Ketone


Ketone
Ketone group
Acetone

In organic chemistry, a ketone (play /ˈktn/) is an organic compound with the structure RC(=O)R', where R and R' can be a variety of atoms and groups of atoms. It features a carbonyl group (C=O) bonded to two other carbon atoms.[1] Many ketones are known and many are of great importance in industry and in biology. Examples include many sugars and the industrial solvent acetone.

Contents

Nomenclature and etymology

The word ketone derives its name from Aketon, an old German word for acetone.[2]

According to the rules of IUPAC nomenclature, ketones are named by changing the suffix -e of the parent alkane to -one. For the most important ketones, however, traditional nonsystematic names are still generally used, for example acetone and benzophenone. These nonsystematic names are considered retained IUPAC names,[3] although some introductory chemistry textbooks use names such as 2-propanone or propan-2-one instead of acetone, the simplest ketone (CH3-CO-CH3). The position of the carbonyl group is usually denoted by a number.

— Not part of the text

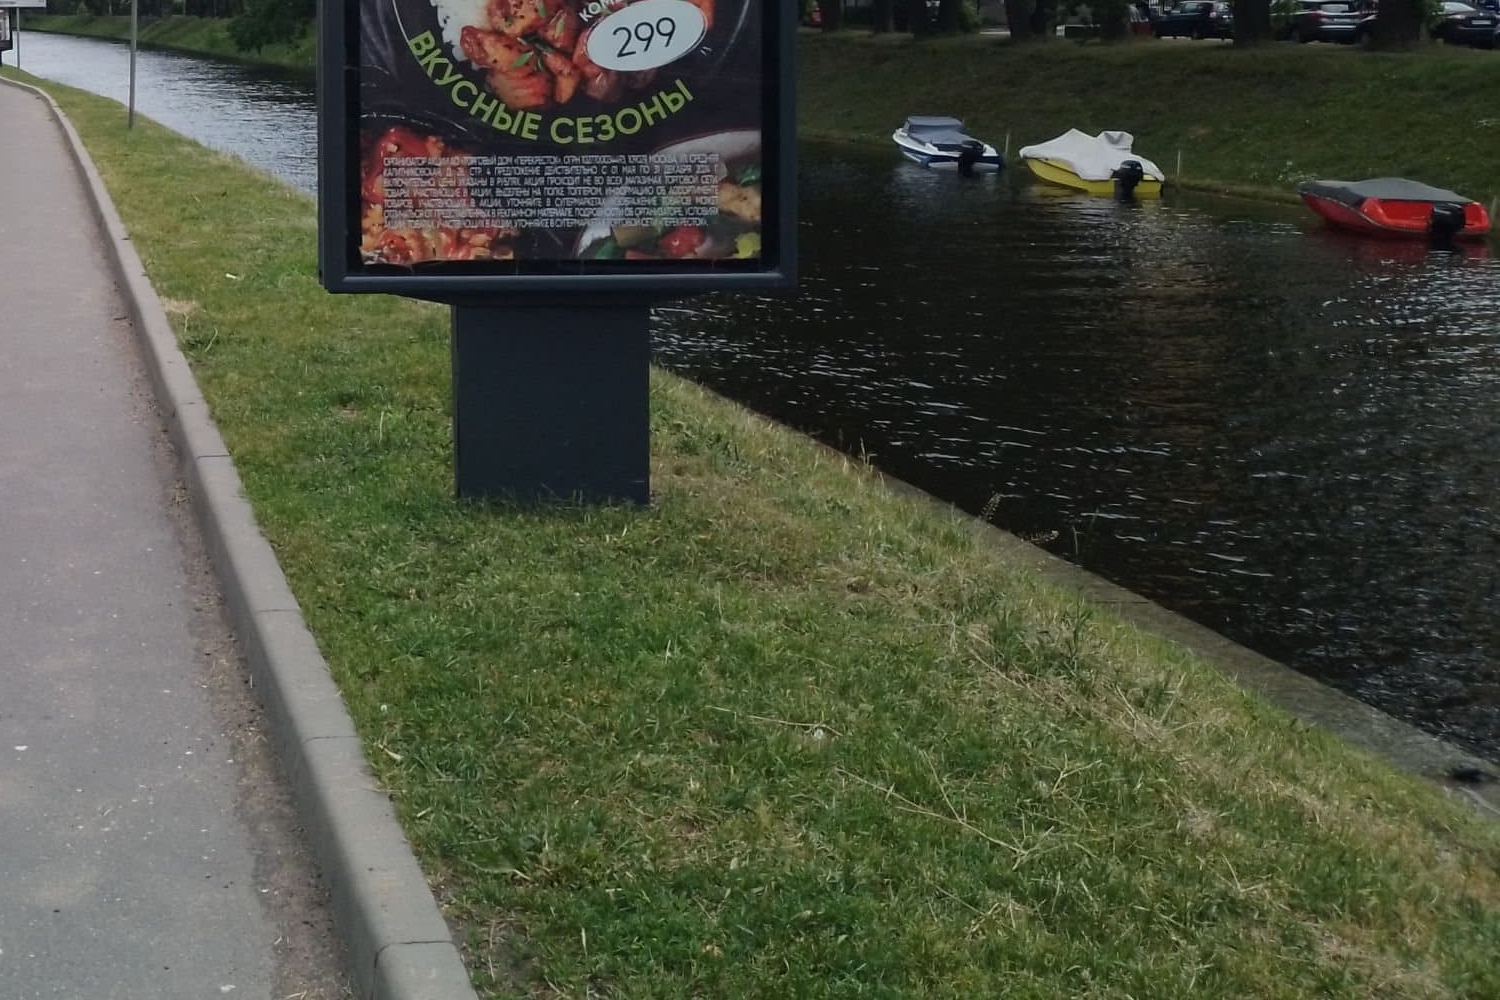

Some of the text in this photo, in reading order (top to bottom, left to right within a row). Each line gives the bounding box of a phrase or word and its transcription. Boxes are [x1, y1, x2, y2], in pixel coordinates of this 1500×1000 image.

Although used infrequently, "oxo" is the IUPAC nomenclature for a ketone functional group. Other prefixes, however, are also used. For some common chemicals (mainly in biochemistry), "keto" or "oxo" is the term used to describe the ketone functional group. The term "oxo" is used widely through chemistry. For example, it also refers to an oxygen atom bonded to a transition metal (a metal oxo).

Structure and properties

Representative ketones, from the left: acetone, a common solvent; oxaloacetate, an intermediate in the metabolism of sugars; acetylacetone in its (mono) enol form (the enol highlighted in blue); cyclohexanone, precursor to Nylon; muscone, an animal scent; and tetracycline, an antibiotic.

The ketone carbon is often described as "sp2 hybridized," terminology that describes both their electronic and molecular structure. Ketones are trigonal planar about the ketonic carbon, with C-C-O and C-C-C bond angles of approximately 120°. Ketones differ from aldehydes in that the carbonyl group (CO) is bonded to two carbons within a carbon skeleton. In aldehydes, the carbonyl is bonded to one carbon and one hydrogen and are located at the ends of carbon chains. Ketones are also distinct from other carbonyl-containing functional groups, such as carboxylic acids, esters and amides.[4]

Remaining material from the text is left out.